Giant cell tumors usually affect younger patients, have an eccentric and upper-sacral location, polycystic areas, fluid–fluid level, and frequently involve the sacro-iliac joint.

Myxopapillary ependymomas may show very similar characteristics to those of chondroma but they arise in the spinal canal rather than in the bone and usually demonstrate a more intense Gadolinium contrast enhancement.

After surgery, MRI follow-up of chordomas should be performed every 6 months for the first year after diagnosis to detect local recurrence or progression. The whole spine must be studied on MRI to detect leptomeningeal recurrences. Thereafter, if there is no progression, MRI is recommended yearly for at least 15 years [18].



5.2.5 Chondrosarcoma


Chondrosarcomas accounts for 7–12% of malignant primary tumor of the spine and are more common in the thoracic spine, while they are rare in the sacrum.

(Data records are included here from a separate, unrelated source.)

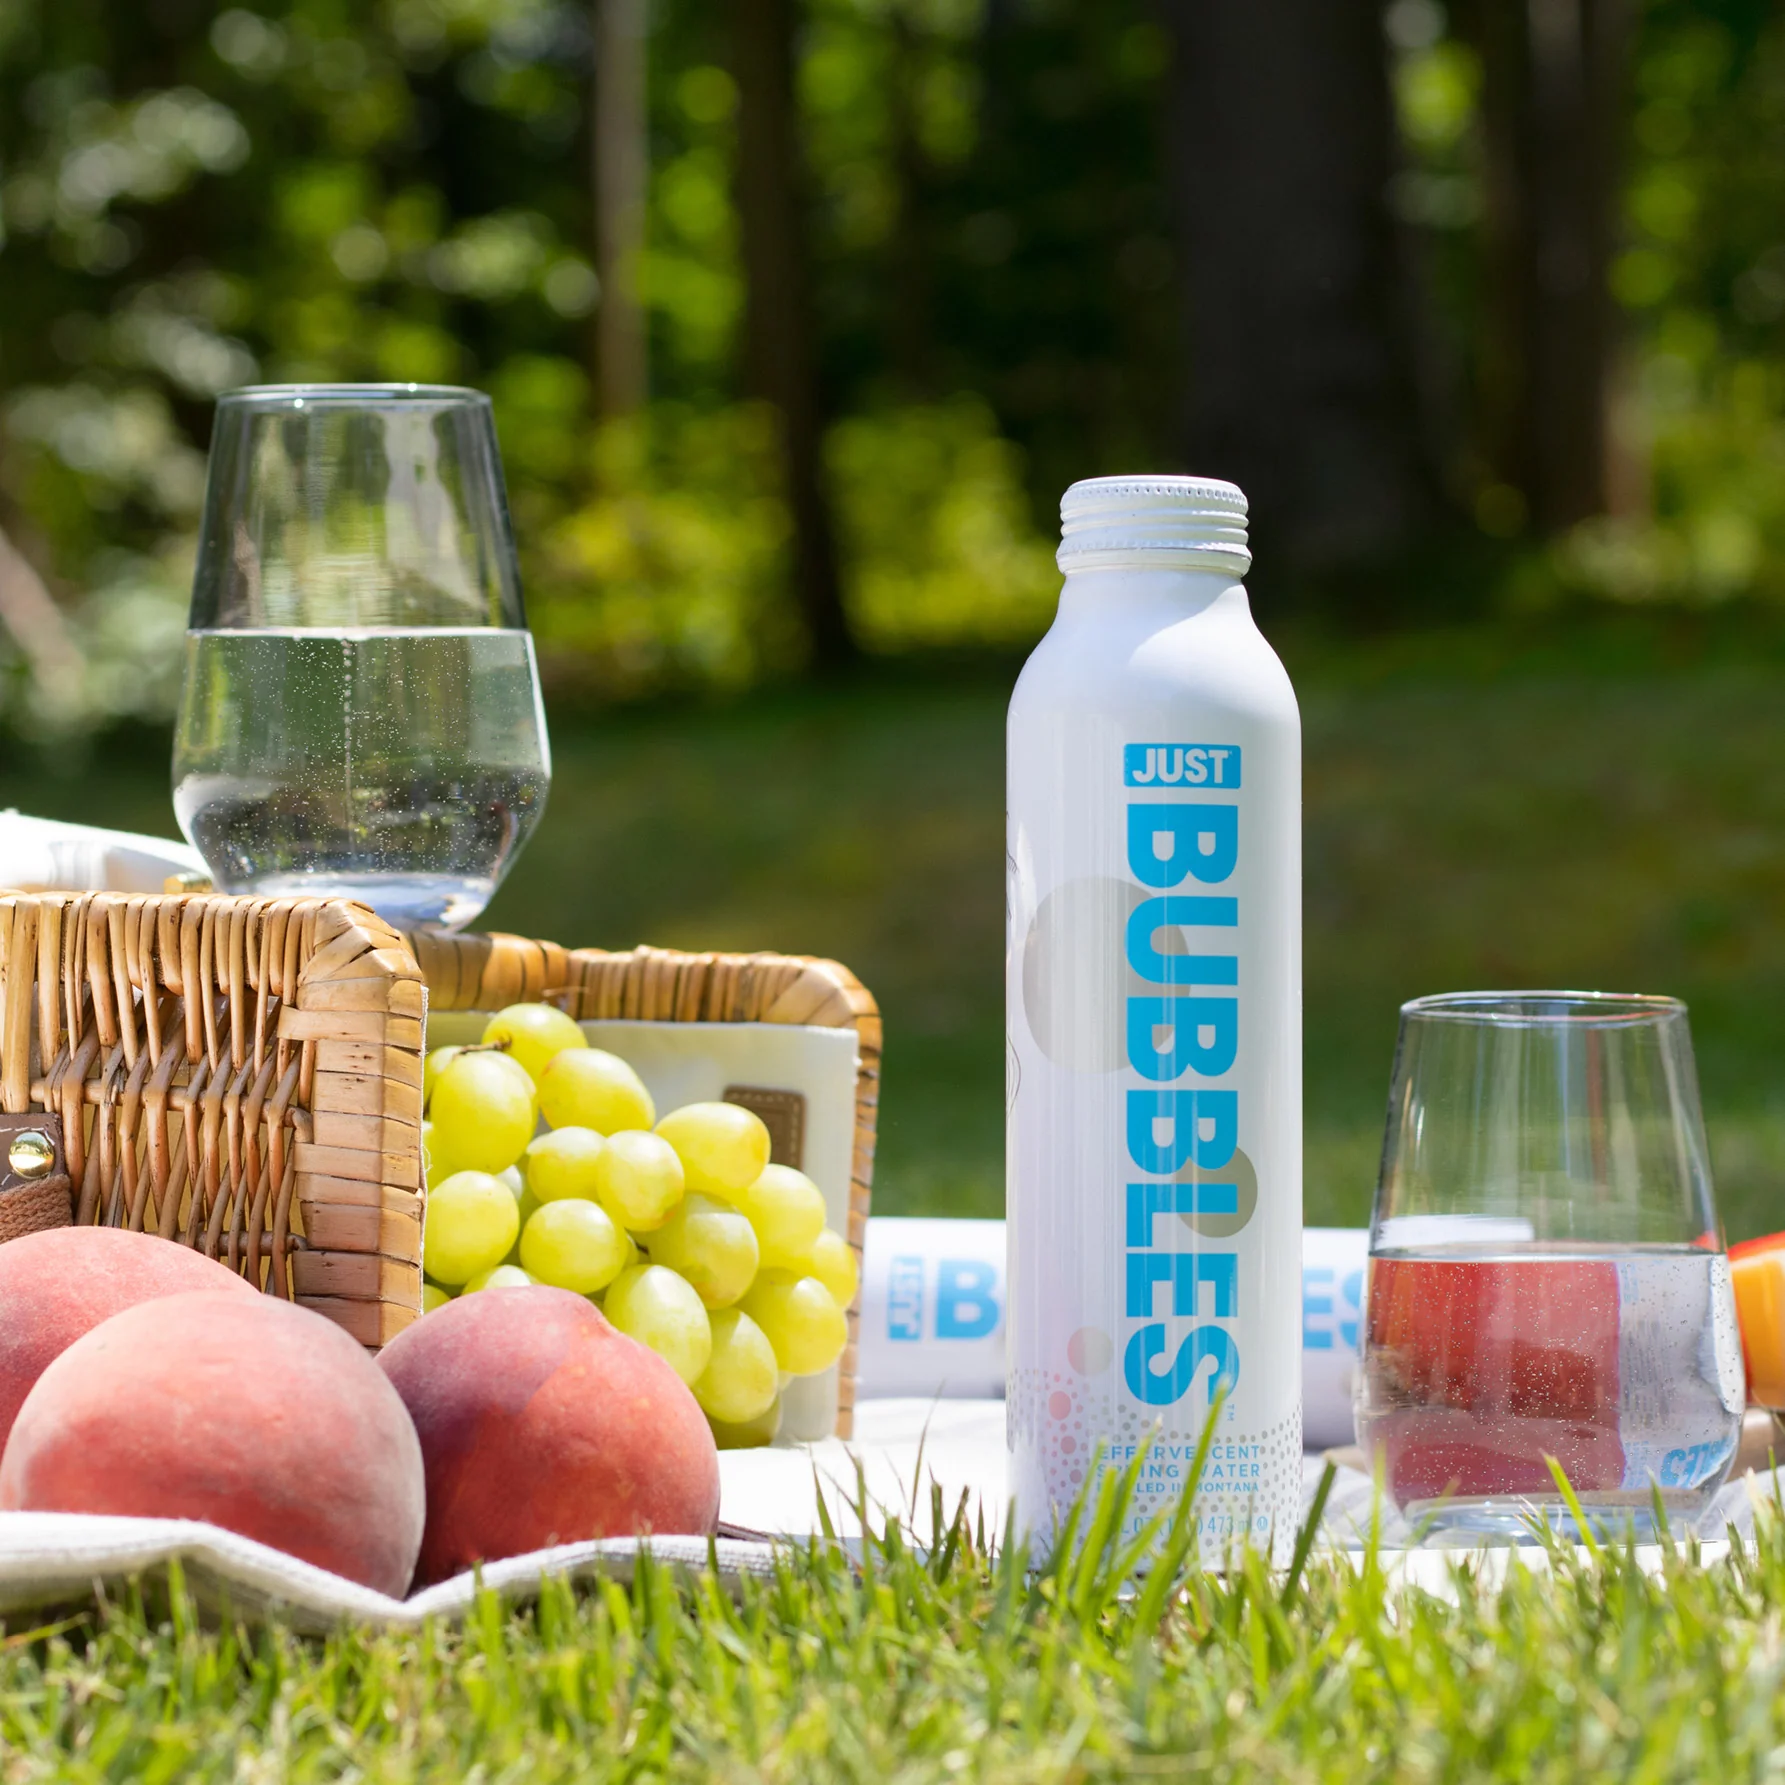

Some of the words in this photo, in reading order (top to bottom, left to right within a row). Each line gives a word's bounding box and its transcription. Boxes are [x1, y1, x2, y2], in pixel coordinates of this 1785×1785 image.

[1131, 747, 1231, 785] JUST
[1123, 803, 1240, 1406] BUBBLES
[1098, 1445, 1260, 1460] EFFRVECENT
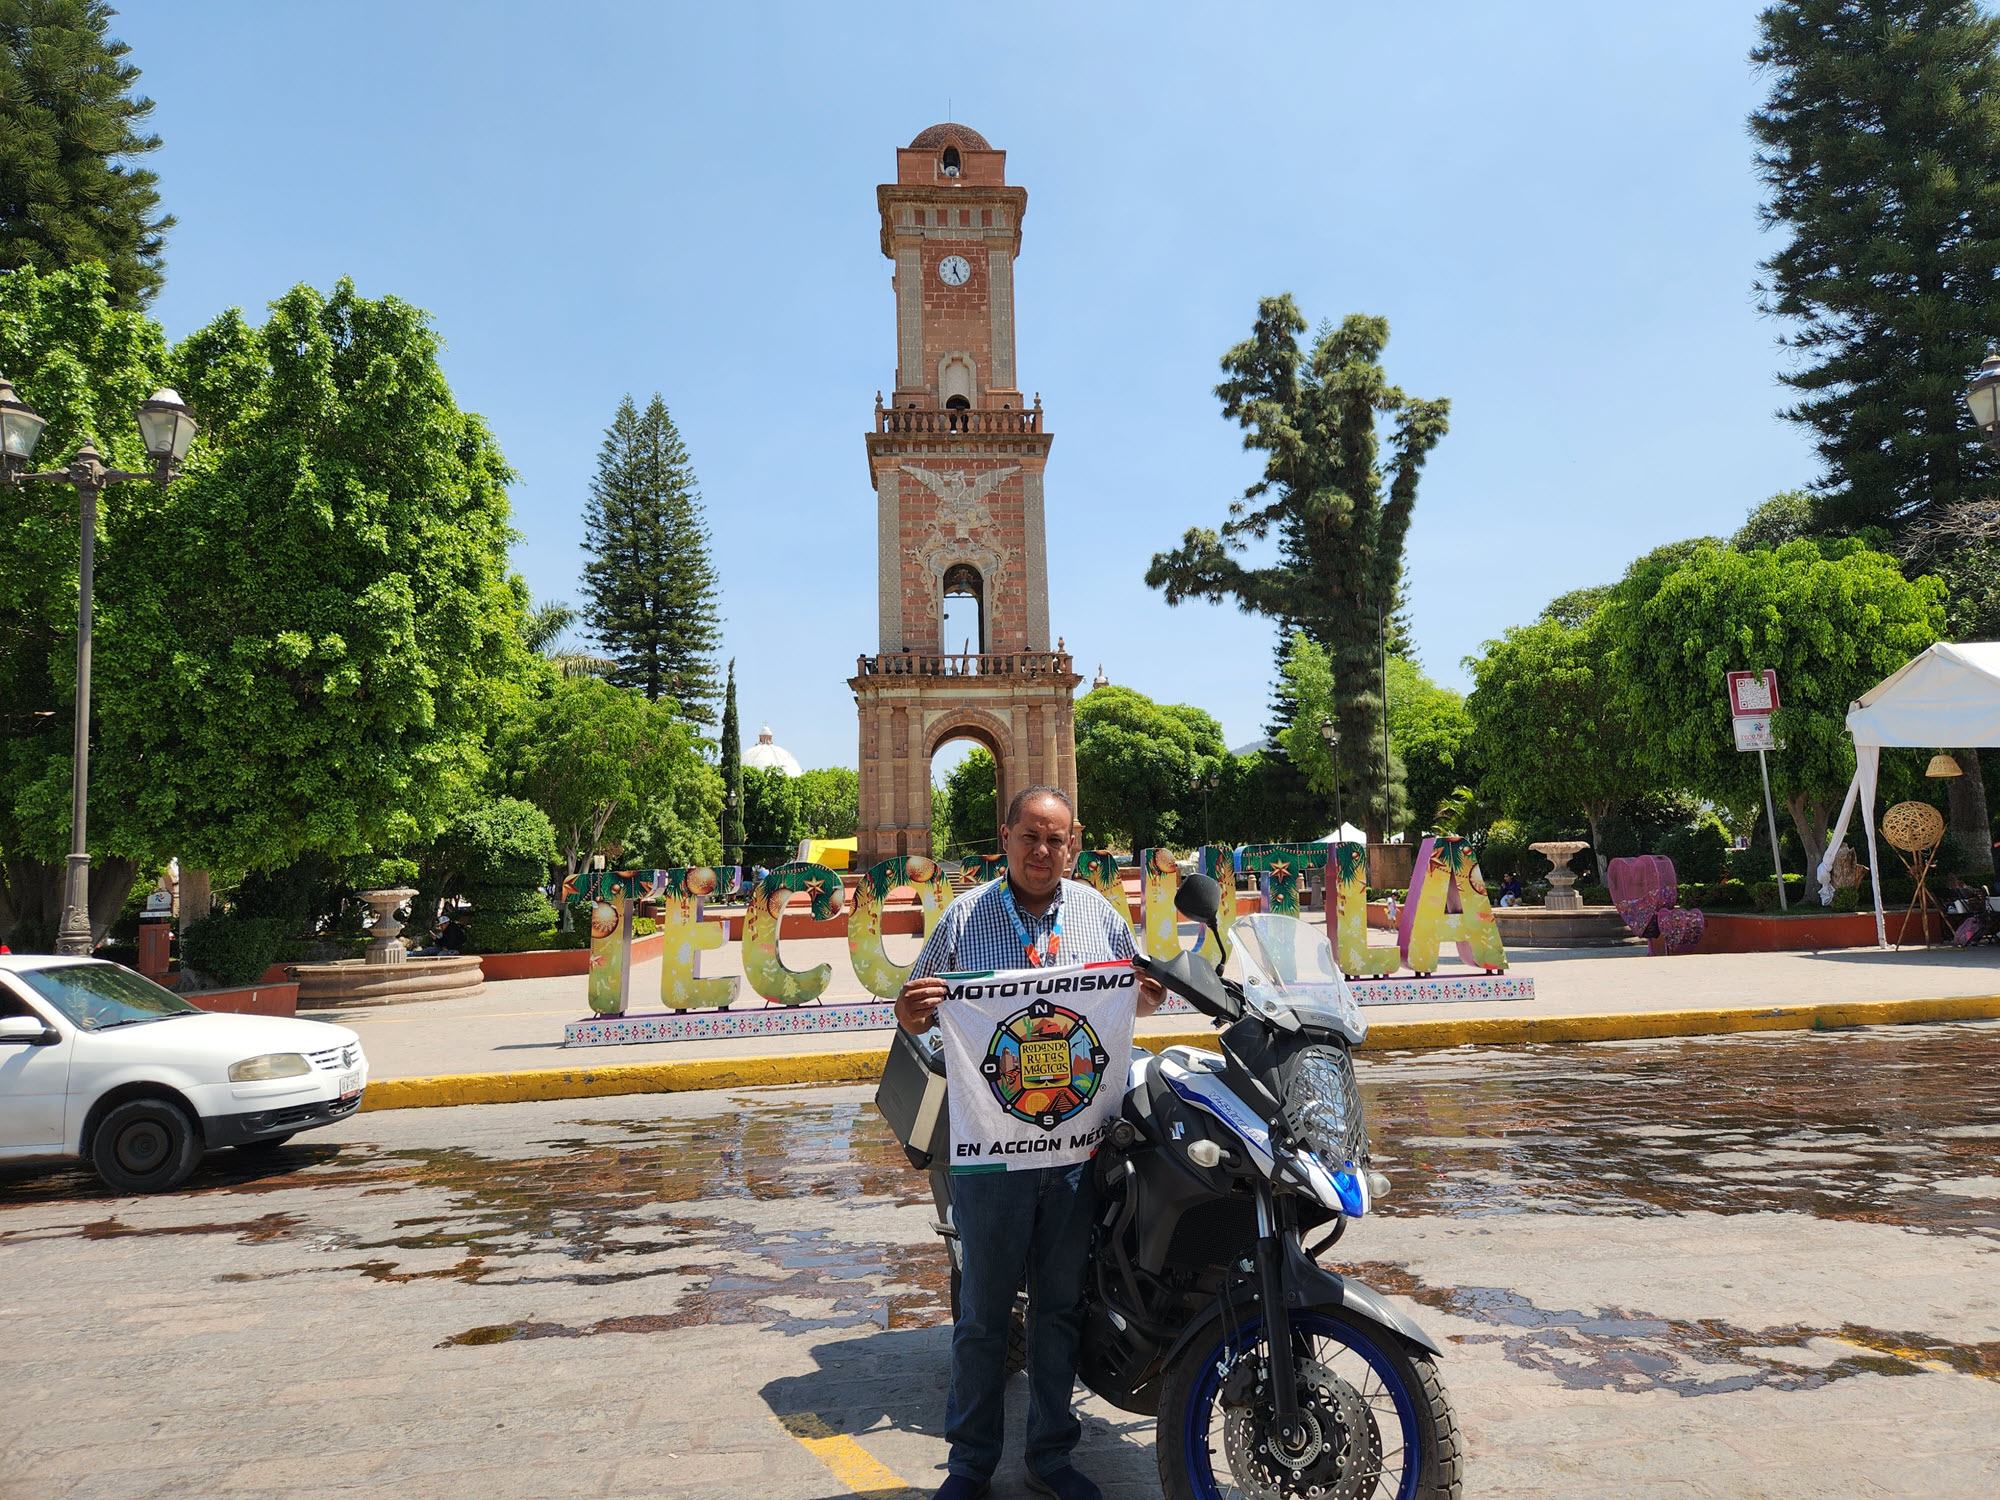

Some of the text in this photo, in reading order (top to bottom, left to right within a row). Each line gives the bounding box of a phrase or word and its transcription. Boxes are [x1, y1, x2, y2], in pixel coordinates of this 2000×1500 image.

[1003, 894, 1026, 936] SUZUKI
[943, 973, 1135, 1001] MOTOTURISMO
[1035, 1004, 1048, 1014] N
[1095, 1055, 1105, 1065] E
[1043, 1115, 1054, 1125] S
[956, 1143, 981, 1156] EN
[988, 1134, 1061, 1155] ACCIÓN
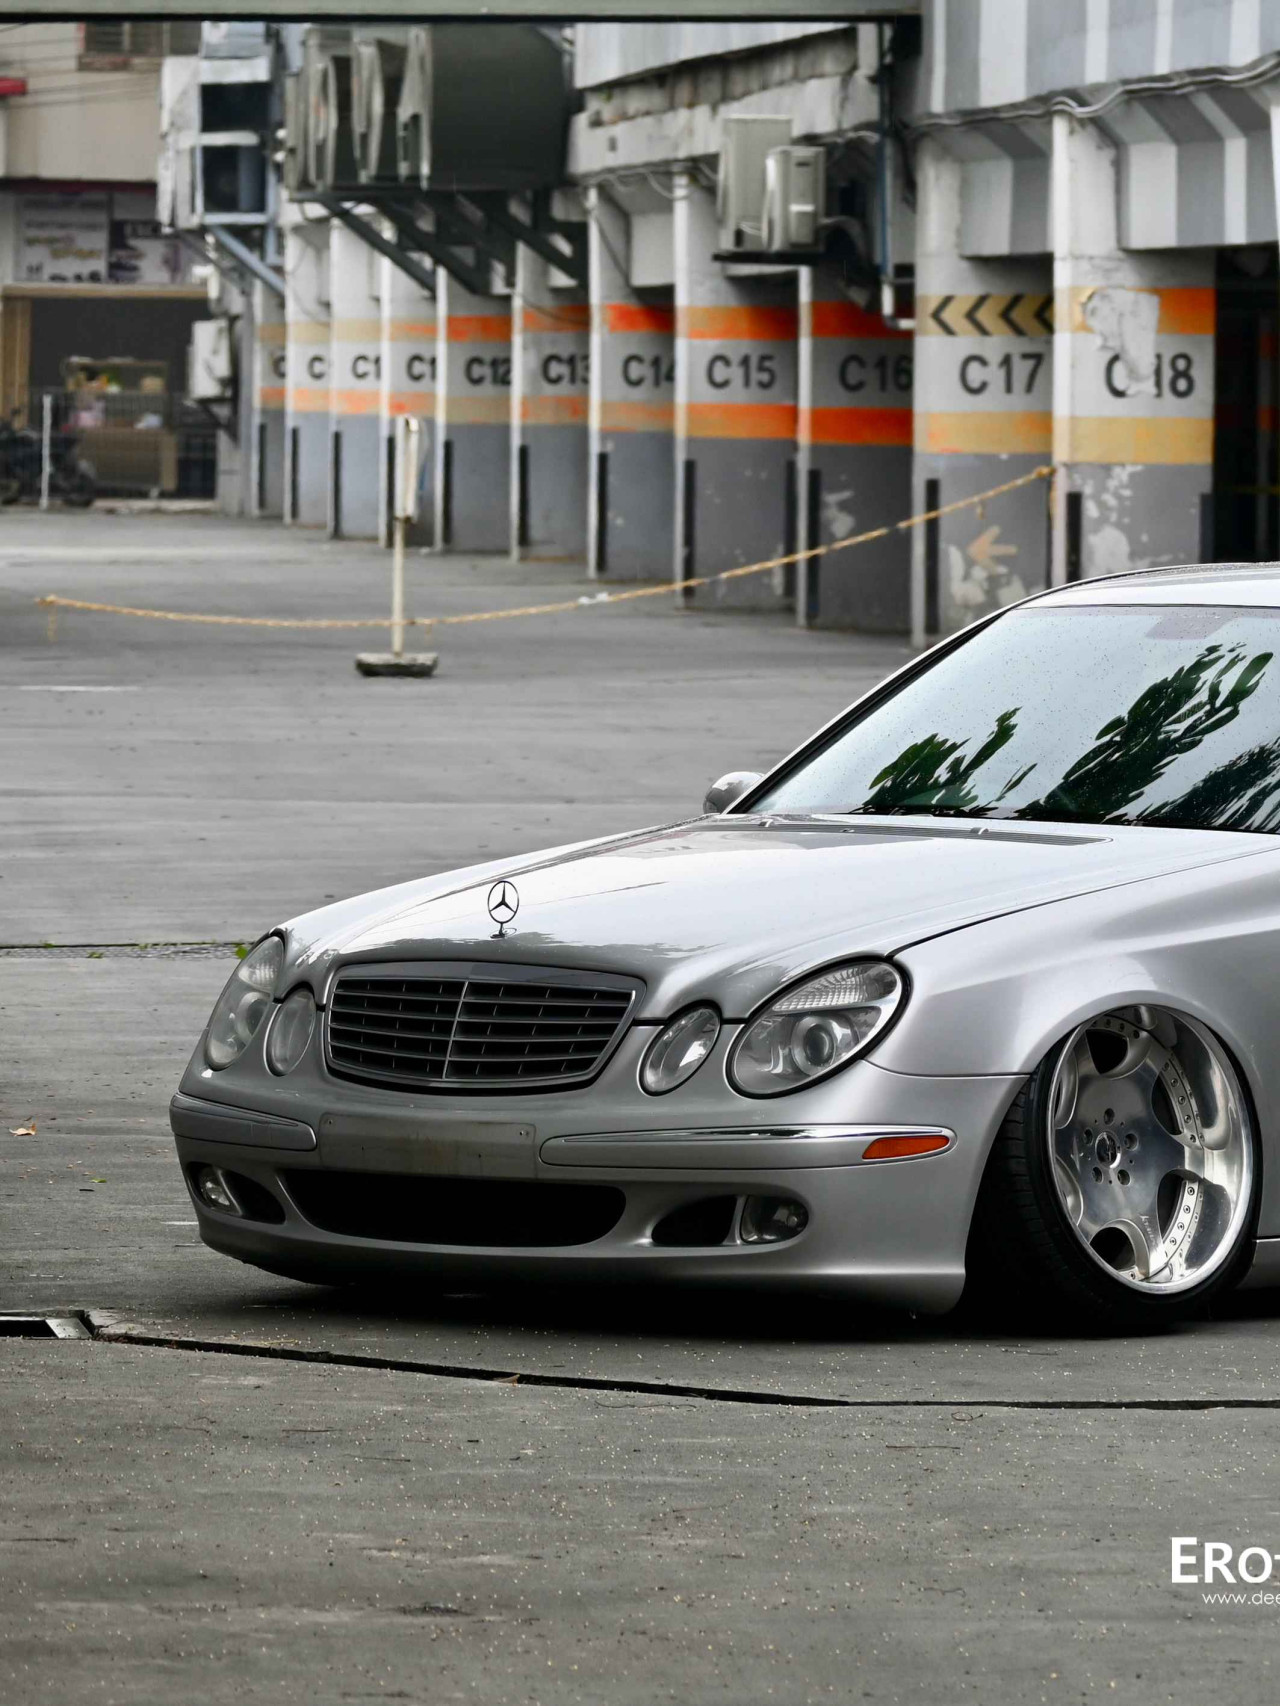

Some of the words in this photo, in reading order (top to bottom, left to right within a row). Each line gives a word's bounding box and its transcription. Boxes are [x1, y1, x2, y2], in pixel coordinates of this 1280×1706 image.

[272, 355, 286, 379] C
[307, 354, 326, 379] C
[351, 354, 381, 379] C1
[406, 353, 436, 382] C1
[706, 353, 776, 389] C15
[838, 353, 913, 393] C16
[959, 352, 1045, 395] C17
[1105, 352, 1195, 398] C18

Primary chondrosarcoma of the sacrum predominantly affects patients between 30 and 70 years, with a male predominance (2-4:1) [19].

On radiographs and CT, chondrosarcoma appears as a destructive lytic lesion, usually eccentric in location, with a lobulated contour and endosteal scalloping. The lesion can be associated with a soft tissue mass [10].

On CT, the non-mineralized, cartilaginous portion of the tumor has a low density while the mineralized portion can show typical “ring and arc” calcifications.

On MRI, cartilaginous nodules are iso-hypointense on T1-w images and show lobular high intensity on T2-w images; calcifications are seen as areas of signal void on all MRI sequences (Fig. 5.3). Contrast enhancement is usually mild and can be either nodular, septal, or diffuse [1]. Dedifferentiation can be detected on CT or MRI in a part of the tumor taking up contrast medium strongly. The biopsy must include this suspicious location.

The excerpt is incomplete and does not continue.